What the task requires:
Return all the records, each one exactly as given.

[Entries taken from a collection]
□ □ □ □ □

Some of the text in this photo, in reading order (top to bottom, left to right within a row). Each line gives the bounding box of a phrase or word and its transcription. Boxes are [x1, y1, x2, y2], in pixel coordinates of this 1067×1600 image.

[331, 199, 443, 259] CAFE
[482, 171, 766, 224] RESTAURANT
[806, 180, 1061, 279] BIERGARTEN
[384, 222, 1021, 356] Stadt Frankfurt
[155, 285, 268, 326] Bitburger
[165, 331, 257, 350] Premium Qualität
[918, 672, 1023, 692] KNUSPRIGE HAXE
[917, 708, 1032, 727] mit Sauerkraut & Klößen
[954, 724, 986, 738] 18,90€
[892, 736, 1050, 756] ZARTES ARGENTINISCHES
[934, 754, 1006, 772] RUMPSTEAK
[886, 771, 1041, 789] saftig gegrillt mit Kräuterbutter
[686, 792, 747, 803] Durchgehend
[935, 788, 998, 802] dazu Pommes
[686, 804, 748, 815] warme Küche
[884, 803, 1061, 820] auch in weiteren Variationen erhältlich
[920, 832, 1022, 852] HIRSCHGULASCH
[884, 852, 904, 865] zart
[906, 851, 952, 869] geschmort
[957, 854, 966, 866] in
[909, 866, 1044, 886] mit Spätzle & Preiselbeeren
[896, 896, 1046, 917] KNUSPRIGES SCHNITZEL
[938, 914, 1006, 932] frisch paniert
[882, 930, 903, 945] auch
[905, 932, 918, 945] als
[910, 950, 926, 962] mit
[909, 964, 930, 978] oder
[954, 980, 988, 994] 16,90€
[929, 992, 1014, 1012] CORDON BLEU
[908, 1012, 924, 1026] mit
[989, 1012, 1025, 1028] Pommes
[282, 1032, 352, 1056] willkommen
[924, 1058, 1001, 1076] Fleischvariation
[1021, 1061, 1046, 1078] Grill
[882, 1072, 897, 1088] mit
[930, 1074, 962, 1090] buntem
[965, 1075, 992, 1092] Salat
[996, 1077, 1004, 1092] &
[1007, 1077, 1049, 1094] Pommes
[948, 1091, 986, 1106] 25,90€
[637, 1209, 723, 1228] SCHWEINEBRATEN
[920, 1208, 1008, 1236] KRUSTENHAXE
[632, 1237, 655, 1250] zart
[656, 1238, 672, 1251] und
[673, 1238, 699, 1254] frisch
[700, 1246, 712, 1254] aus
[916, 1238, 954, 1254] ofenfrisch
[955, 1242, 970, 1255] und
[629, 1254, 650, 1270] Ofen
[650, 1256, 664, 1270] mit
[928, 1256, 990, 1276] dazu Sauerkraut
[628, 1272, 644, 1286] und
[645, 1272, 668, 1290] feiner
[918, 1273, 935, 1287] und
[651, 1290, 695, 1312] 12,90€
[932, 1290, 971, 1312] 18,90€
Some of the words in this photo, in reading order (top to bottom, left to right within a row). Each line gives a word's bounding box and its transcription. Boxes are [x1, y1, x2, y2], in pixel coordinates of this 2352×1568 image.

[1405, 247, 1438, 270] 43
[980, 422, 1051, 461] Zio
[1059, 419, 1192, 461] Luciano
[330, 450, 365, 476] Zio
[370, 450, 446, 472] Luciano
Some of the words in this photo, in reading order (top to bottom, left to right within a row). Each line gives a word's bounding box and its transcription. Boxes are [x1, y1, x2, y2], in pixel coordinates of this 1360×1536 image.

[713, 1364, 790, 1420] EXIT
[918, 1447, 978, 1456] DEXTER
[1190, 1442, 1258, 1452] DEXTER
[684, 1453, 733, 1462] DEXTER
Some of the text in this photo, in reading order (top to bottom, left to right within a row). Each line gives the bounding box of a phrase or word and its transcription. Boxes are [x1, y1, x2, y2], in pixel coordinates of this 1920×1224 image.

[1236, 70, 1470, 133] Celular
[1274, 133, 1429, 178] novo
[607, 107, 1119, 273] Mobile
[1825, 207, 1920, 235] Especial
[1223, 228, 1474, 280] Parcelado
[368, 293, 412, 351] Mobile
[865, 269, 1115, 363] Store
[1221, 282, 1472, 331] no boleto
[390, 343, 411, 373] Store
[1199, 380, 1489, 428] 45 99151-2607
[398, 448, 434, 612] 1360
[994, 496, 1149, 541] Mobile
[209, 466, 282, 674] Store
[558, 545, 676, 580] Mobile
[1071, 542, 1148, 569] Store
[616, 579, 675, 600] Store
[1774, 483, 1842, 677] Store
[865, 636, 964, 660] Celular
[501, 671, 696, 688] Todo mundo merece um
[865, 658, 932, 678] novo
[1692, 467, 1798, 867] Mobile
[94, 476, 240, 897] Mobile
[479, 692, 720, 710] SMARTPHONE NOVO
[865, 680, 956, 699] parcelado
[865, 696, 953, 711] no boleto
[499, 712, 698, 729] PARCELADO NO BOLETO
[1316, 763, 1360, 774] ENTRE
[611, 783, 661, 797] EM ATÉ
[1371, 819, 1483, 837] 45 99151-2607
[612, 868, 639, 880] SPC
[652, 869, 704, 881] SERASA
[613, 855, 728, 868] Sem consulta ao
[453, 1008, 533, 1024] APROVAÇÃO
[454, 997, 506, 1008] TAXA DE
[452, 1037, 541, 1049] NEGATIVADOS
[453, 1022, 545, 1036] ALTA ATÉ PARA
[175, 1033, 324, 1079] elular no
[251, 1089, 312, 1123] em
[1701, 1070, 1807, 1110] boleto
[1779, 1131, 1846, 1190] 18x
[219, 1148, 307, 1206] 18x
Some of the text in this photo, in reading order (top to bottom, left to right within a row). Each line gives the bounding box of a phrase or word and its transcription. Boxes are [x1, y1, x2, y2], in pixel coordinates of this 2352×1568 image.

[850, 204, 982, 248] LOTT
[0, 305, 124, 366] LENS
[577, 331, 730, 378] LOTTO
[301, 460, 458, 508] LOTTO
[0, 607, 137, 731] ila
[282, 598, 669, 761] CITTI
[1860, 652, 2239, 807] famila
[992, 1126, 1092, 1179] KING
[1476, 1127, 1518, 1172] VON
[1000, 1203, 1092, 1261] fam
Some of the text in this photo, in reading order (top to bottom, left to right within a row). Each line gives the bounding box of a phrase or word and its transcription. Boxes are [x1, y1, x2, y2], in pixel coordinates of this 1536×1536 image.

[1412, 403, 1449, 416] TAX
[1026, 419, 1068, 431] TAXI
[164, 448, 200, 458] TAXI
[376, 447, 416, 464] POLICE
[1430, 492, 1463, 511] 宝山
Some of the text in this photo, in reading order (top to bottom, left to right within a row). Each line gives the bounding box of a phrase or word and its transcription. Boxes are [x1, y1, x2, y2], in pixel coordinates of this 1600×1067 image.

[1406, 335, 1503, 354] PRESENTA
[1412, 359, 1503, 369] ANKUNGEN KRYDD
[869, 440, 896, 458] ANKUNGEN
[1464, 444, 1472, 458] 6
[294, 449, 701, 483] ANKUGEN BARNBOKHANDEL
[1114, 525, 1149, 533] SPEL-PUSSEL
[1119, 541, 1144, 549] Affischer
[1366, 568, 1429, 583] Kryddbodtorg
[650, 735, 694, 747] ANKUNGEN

□ □ □ □ □

Task solution:
Some of the text in this photo, in reading order (top to bottom, left to right within a row). Each line gives the bounding box of a phrase or word and its transcription. Boxes are [x1, y1, x2, y2], in pixel coordinates of this 1067×1600 image.

[331, 199, 443, 259] CAFE
[482, 171, 766, 224] RESTAURANT
[806, 180, 1061, 279] BIERGARTEN
[384, 222, 1021, 356] Stadt Frankfurt
[155, 285, 268, 326] Bitburger
[165, 331, 257, 350] Premium Qualität
[918, 672, 1023, 692] KNUSPRIGE HAXE
[917, 708, 1032, 727] mit Sauerkraut & Klößen
[954, 724, 986, 738] 18,90€
[892, 736, 1050, 756] ZARTES ARGENTINISCHES
[934, 754, 1006, 772] RUMPSTEAK
[886, 771, 1041, 789] saftig gegrillt mit Kräuterbutter
[686, 792, 747, 803] Durchgehend
[935, 788, 998, 802] dazu Pommes
[686, 804, 748, 815] warme Küche
[884, 803, 1061, 820] auch in weiteren Variationen erhältlich
[920, 832, 1022, 852] HIRSCHGULASCH
[884, 852, 904, 865] zart
[906, 851, 952, 869] geschmort
[957, 854, 966, 866] in
[909, 866, 1044, 886] mit Spätzle & Preiselbeeren
[896, 896, 1046, 917] KNUSPRIGES SCHNITZEL
[938, 914, 1006, 932] frisch paniert
[882, 930, 903, 945] auch
[905, 932, 918, 945] als
[910, 950, 926, 962] mit
[909, 964, 930, 978] oder
[954, 980, 988, 994] 16,90€
[929, 992, 1014, 1012] CORDON BLEU
[908, 1012, 924, 1026] mit
[989, 1012, 1025, 1028] Pommes
[282, 1032, 352, 1056] willkommen
[924, 1058, 1001, 1076] Fleischvariation
[1021, 1061, 1046, 1078] Grill
[882, 1072, 897, 1088] mit
[930, 1074, 962, 1090] buntem
[965, 1075, 992, 1092] Salat
[996, 1077, 1004, 1092] &
[1007, 1077, 1049, 1094] Pommes
[948, 1091, 986, 1106] 25,90€
[637, 1209, 723, 1228] SCHWEINEBRATEN
[920, 1208, 1008, 1236] KRUSTENHAXE
[632, 1237, 655, 1250] zart
[656, 1238, 672, 1251] und
[673, 1238, 699, 1254] frisch
[700, 1246, 712, 1254] aus
[916, 1238, 954, 1254] ofenfrisch
[955, 1242, 970, 1255] und
[629, 1254, 650, 1270] Ofen
[650, 1256, 664, 1270] mit
[928, 1256, 990, 1276] dazu Sauerkraut
[628, 1272, 644, 1286] und
[645, 1272, 668, 1290] feiner
[918, 1273, 935, 1287] und
[651, 1290, 695, 1312] 12,90€
[932, 1290, 971, 1312] 18,90€
Some of the words in this photo, in reading order (top to bottom, left to right within a row). Each line gives a word's bounding box and its transcription. Boxes are [x1, y1, x2, y2], in pixel coordinates of this 2352×1568 image.

[1405, 247, 1438, 270] 43
[980, 422, 1051, 461] Zio
[1059, 419, 1192, 461] Luciano
[330, 450, 365, 476] Zio
[370, 450, 446, 472] Luciano
Some of the words in this photo, in reading order (top to bottom, left to right within a row). Each line gives a word's bounding box and its transcription. Boxes are [x1, y1, x2, y2], in pixel coordinates of this 1360×1536 image.

[713, 1364, 790, 1420] EXIT
[918, 1447, 978, 1456] DEXTER
[1190, 1442, 1258, 1452] DEXTER
[684, 1453, 733, 1462] DEXTER
Some of the text in this photo, in reading order (top to bottom, left to right within a row). Each line gives the bounding box of a phrase or word and its transcription. Boxes are [x1, y1, x2, y2], in pixel coordinates of this 1920×1224 image.

[1236, 70, 1470, 133] Celular
[1274, 133, 1429, 178] novo
[607, 107, 1119, 273] Mobile
[1825, 207, 1920, 235] Especial
[1223, 228, 1474, 280] Parcelado
[368, 293, 412, 351] Mobile
[865, 269, 1115, 363] Store
[1221, 282, 1472, 331] no boleto
[390, 343, 411, 373] Store
[1199, 380, 1489, 428] 45 99151-2607
[398, 448, 434, 612] 1360
[994, 496, 1149, 541] Mobile
[209, 466, 282, 674] Store
[558, 545, 676, 580] Mobile
[1071, 542, 1148, 569] Store
[616, 579, 675, 600] Store
[1774, 483, 1842, 677] Store
[865, 636, 964, 660] Celular
[501, 671, 696, 688] Todo mundo merece um
[865, 658, 932, 678] novo
[1692, 467, 1798, 867] Mobile
[94, 476, 240, 897] Mobile
[479, 692, 720, 710] SMARTPHONE NOVO
[865, 680, 956, 699] parcelado
[865, 696, 953, 711] no boleto
[499, 712, 698, 729] PARCELADO NO BOLETO
[1316, 763, 1360, 774] ENTRE
[611, 783, 661, 797] EM ATÉ
[1371, 819, 1483, 837] 45 99151-2607
[612, 868, 639, 880] SPC
[652, 869, 704, 881] SERASA
[613, 855, 728, 868] Sem consulta ao
[453, 1008, 533, 1024] APROVAÇÃO
[454, 997, 506, 1008] TAXA DE
[452, 1037, 541, 1049] NEGATIVADOS
[453, 1022, 545, 1036] ALTA ATÉ PARA
[175, 1033, 324, 1079] elular no
[251, 1089, 312, 1123] em
[1701, 1070, 1807, 1110] boleto
[1779, 1131, 1846, 1190] 18x
[219, 1148, 307, 1206] 18x
Some of the text in this photo, in reading order (top to bottom, left to right within a row). Each line gives the bounding box of a phrase or word and its transcription. Boxes are [x1, y1, x2, y2], in pixel coordinates of this 2352×1568 image.

[850, 204, 982, 248] LOTT
[0, 305, 124, 366] LENS
[577, 331, 730, 378] LOTTO
[301, 460, 458, 508] LOTTO
[0, 607, 137, 731] ila
[282, 598, 669, 761] CITTI
[1860, 652, 2239, 807] famila
[992, 1126, 1092, 1179] KING
[1476, 1127, 1518, 1172] VON
[1000, 1203, 1092, 1261] fam
Some of the text in this photo, in reading order (top to bottom, left to right within a row). Each line gives the bounding box of a phrase or word and its transcription. Boxes are [x1, y1, x2, y2], in pixel coordinates of this 1536×1536 image.

[1412, 403, 1449, 416] TAX
[1026, 419, 1068, 431] TAXI
[164, 448, 200, 458] TAXI
[376, 447, 416, 464] POLICE
[1430, 492, 1463, 511] 宝山
Some of the text in this photo, in reading order (top to bottom, left to right within a row). Each line gives the bounding box of a phrase or word and its transcription. Boxes are [x1, y1, x2, y2], in pixel coordinates of this 1600×1067 image.

[1406, 335, 1503, 354] PRESENTA
[1412, 359, 1503, 369] ANKUNGEN KRYDD
[869, 440, 896, 458] ANKUNGEN
[1464, 444, 1472, 458] 6
[294, 449, 701, 483] ANKUGEN BARNBOKHANDEL
[1114, 525, 1149, 533] SPEL-PUSSEL
[1119, 541, 1144, 549] Affischer
[1366, 568, 1429, 583] Kryddbodtorg
[650, 735, 694, 747] ANKUNGEN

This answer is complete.